◆ **Task input**

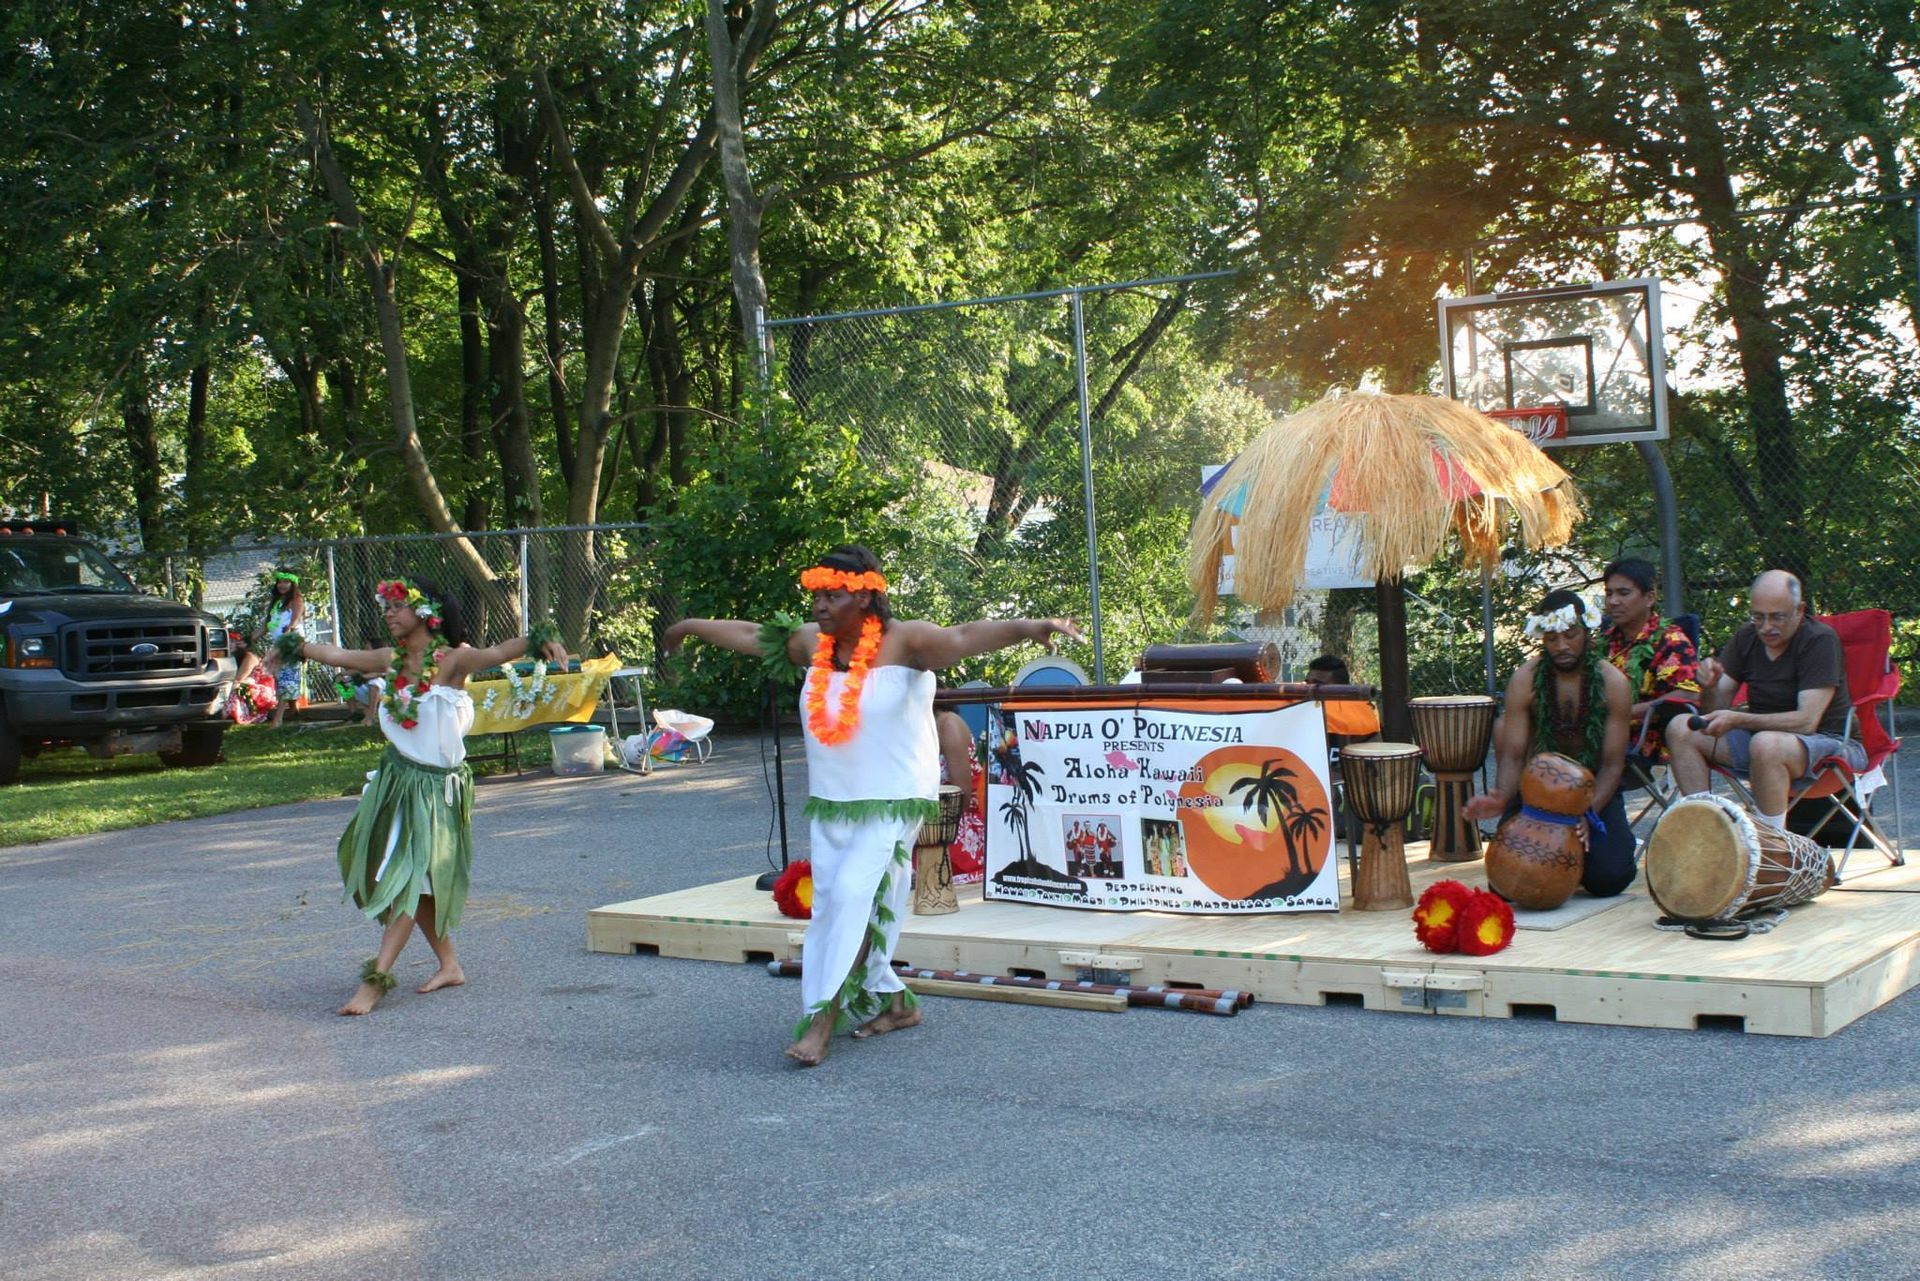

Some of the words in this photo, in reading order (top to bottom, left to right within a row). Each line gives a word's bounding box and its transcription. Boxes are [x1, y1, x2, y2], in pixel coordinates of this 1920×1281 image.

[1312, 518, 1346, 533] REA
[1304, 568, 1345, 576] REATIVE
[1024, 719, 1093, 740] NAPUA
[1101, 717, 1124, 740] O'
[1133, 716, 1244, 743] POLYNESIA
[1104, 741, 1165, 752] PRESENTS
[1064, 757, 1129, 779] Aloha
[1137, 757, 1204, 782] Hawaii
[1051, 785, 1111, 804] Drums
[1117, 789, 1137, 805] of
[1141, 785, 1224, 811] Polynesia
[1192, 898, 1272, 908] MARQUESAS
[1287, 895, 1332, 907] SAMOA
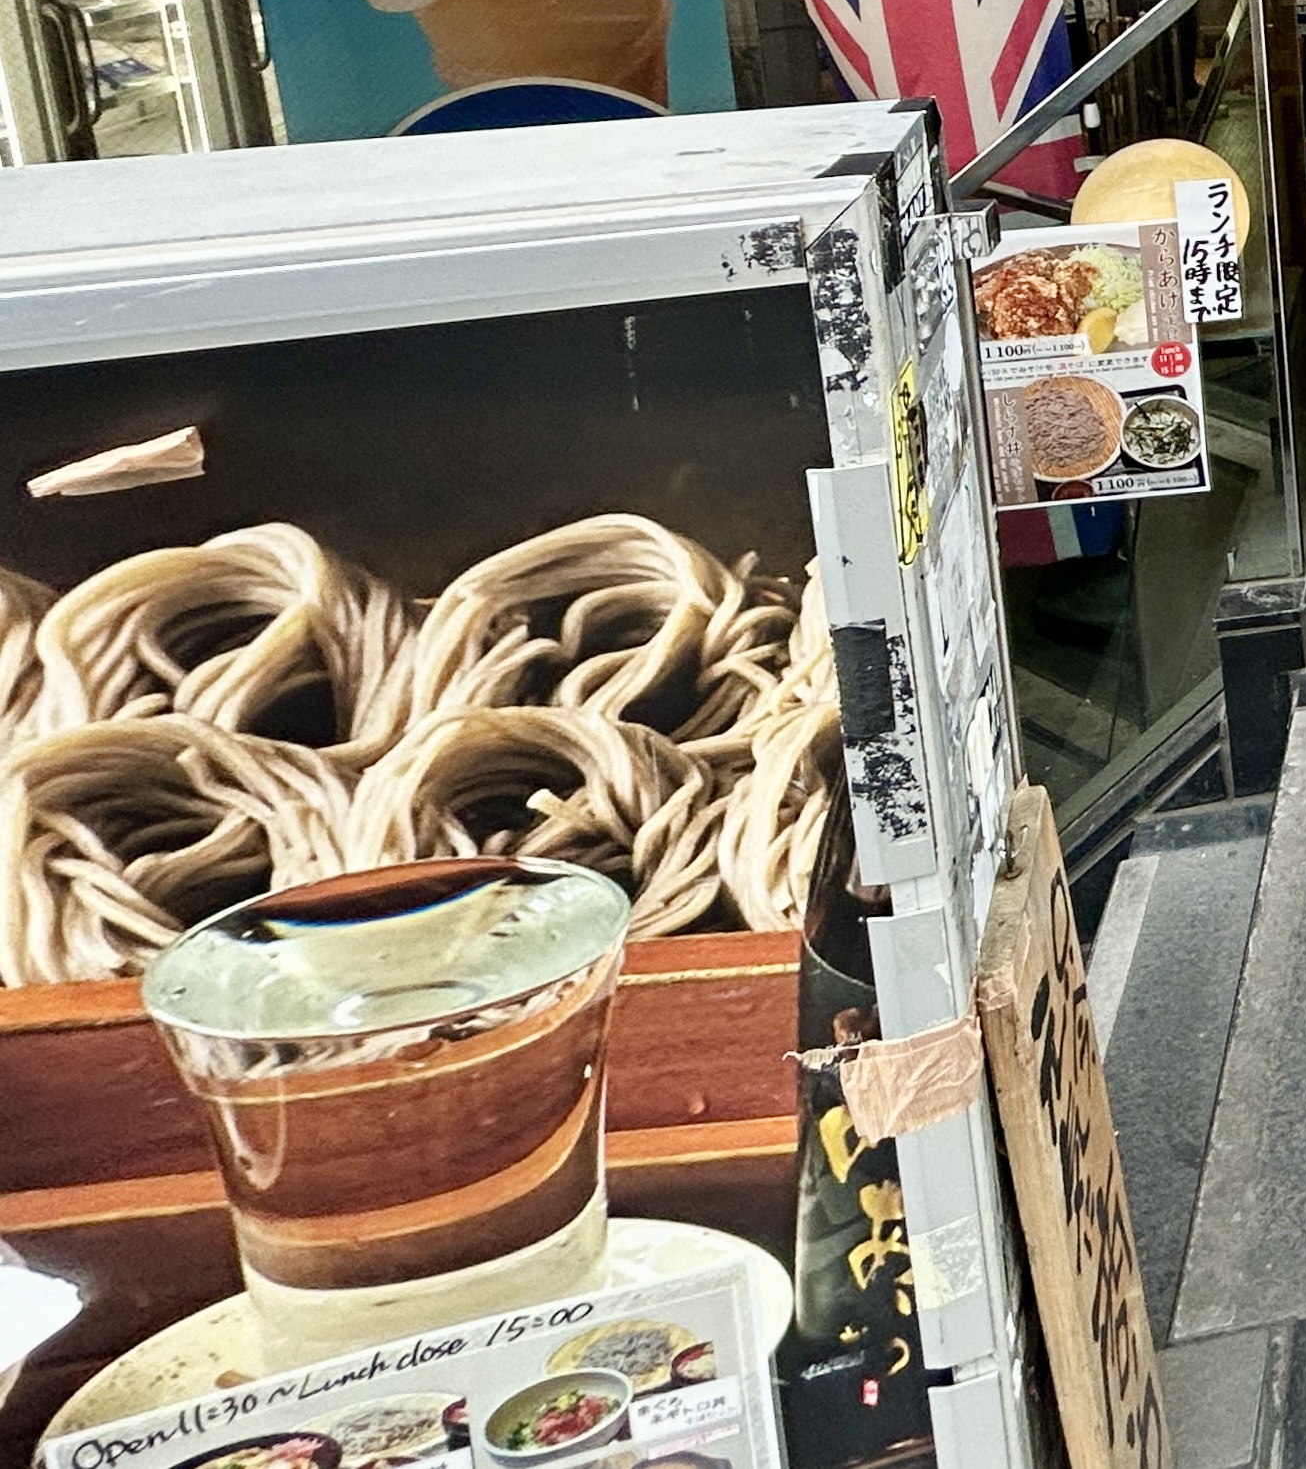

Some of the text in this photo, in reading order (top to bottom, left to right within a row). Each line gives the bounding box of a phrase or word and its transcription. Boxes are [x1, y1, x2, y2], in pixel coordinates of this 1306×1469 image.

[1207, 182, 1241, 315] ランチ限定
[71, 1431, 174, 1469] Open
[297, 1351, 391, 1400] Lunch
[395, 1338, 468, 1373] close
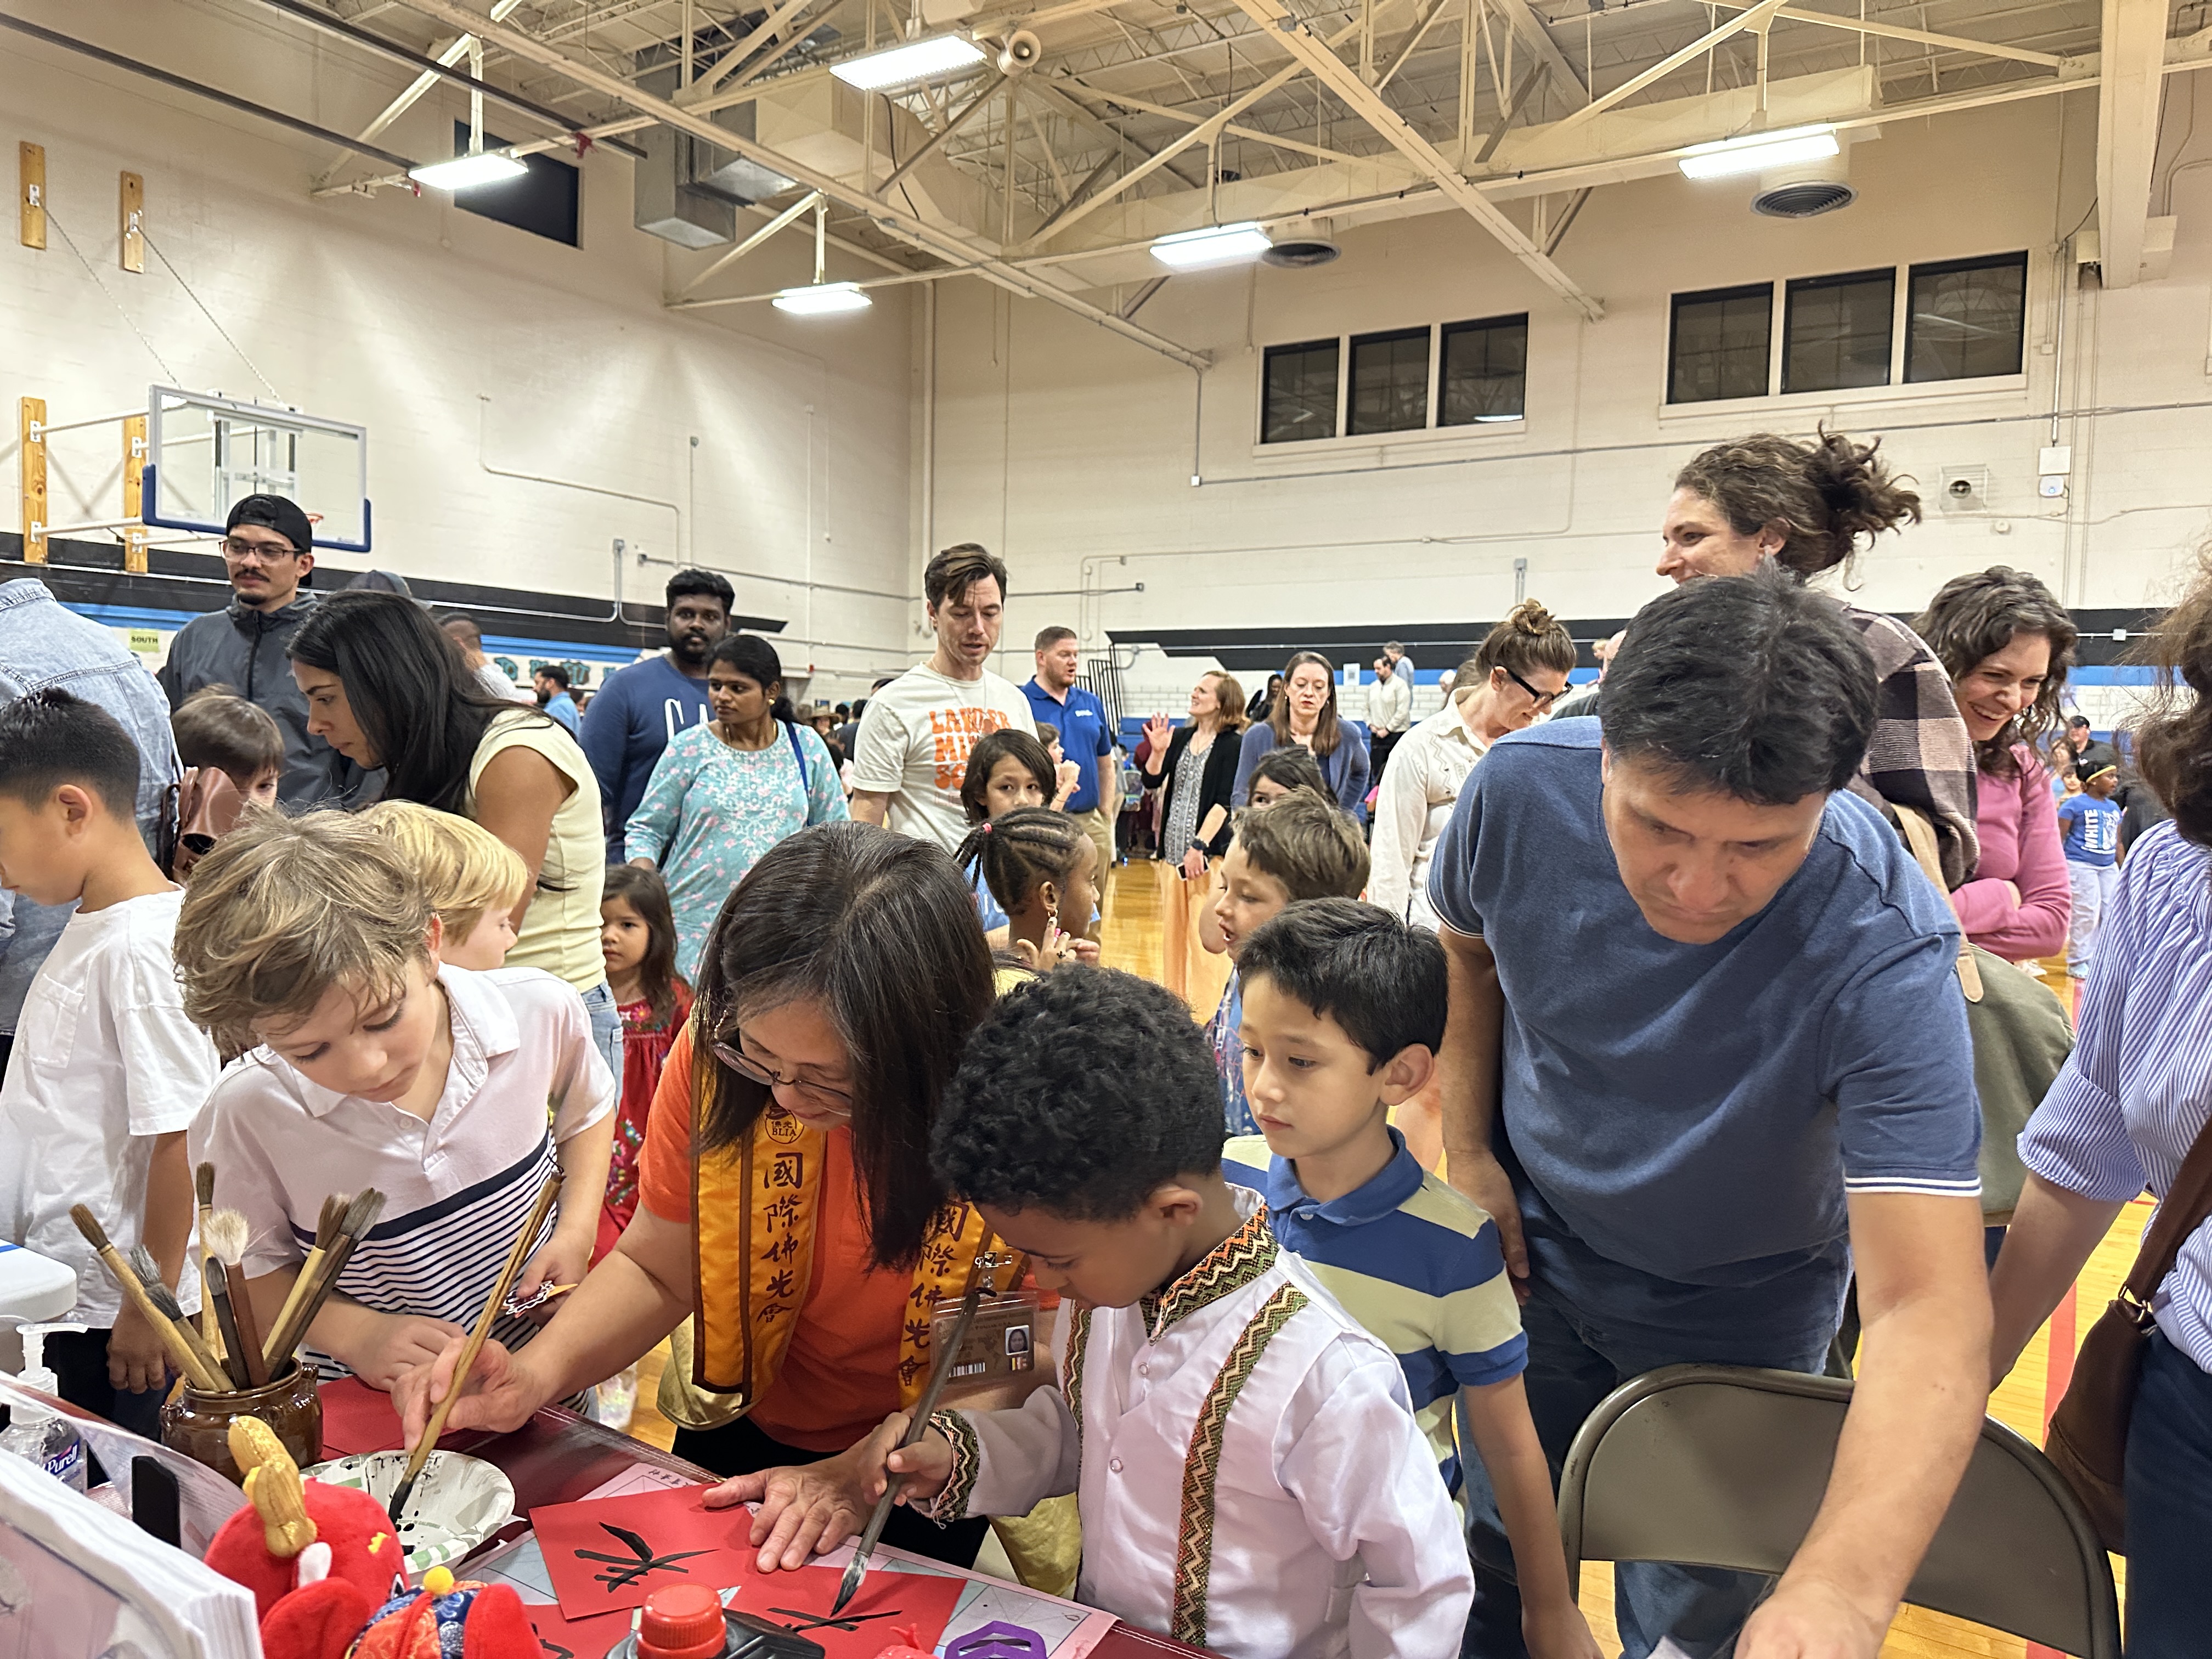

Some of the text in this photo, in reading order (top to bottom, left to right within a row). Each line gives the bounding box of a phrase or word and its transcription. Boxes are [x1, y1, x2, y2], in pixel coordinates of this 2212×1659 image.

◆ **Your goal**
Your output should be the lines from the one with "this 1306×1469 image." through the end of the listing, copied exactly and with the pictures left out.

◆ **Task result**
Some of the text in this photo, in reading order (top to bottom, left to right within a row). Each line gives the bounding box of a phrase or word and its transcription. Boxes are [x1, y1, x2, y2], in pixel coordinates of this 1306×1469 image.

[1207, 182, 1241, 315] ランチ限定
[71, 1431, 174, 1469] Open
[297, 1351, 391, 1400] Lunch
[395, 1338, 468, 1373] close

Some of the text in this photo, in reading order (top to bottom, left to right within a row). Each line gives the bounding box of a phrase or word and its transcription. Boxes are [x1, y1, x2, y2], in pixel coordinates of this 2212×1659 image.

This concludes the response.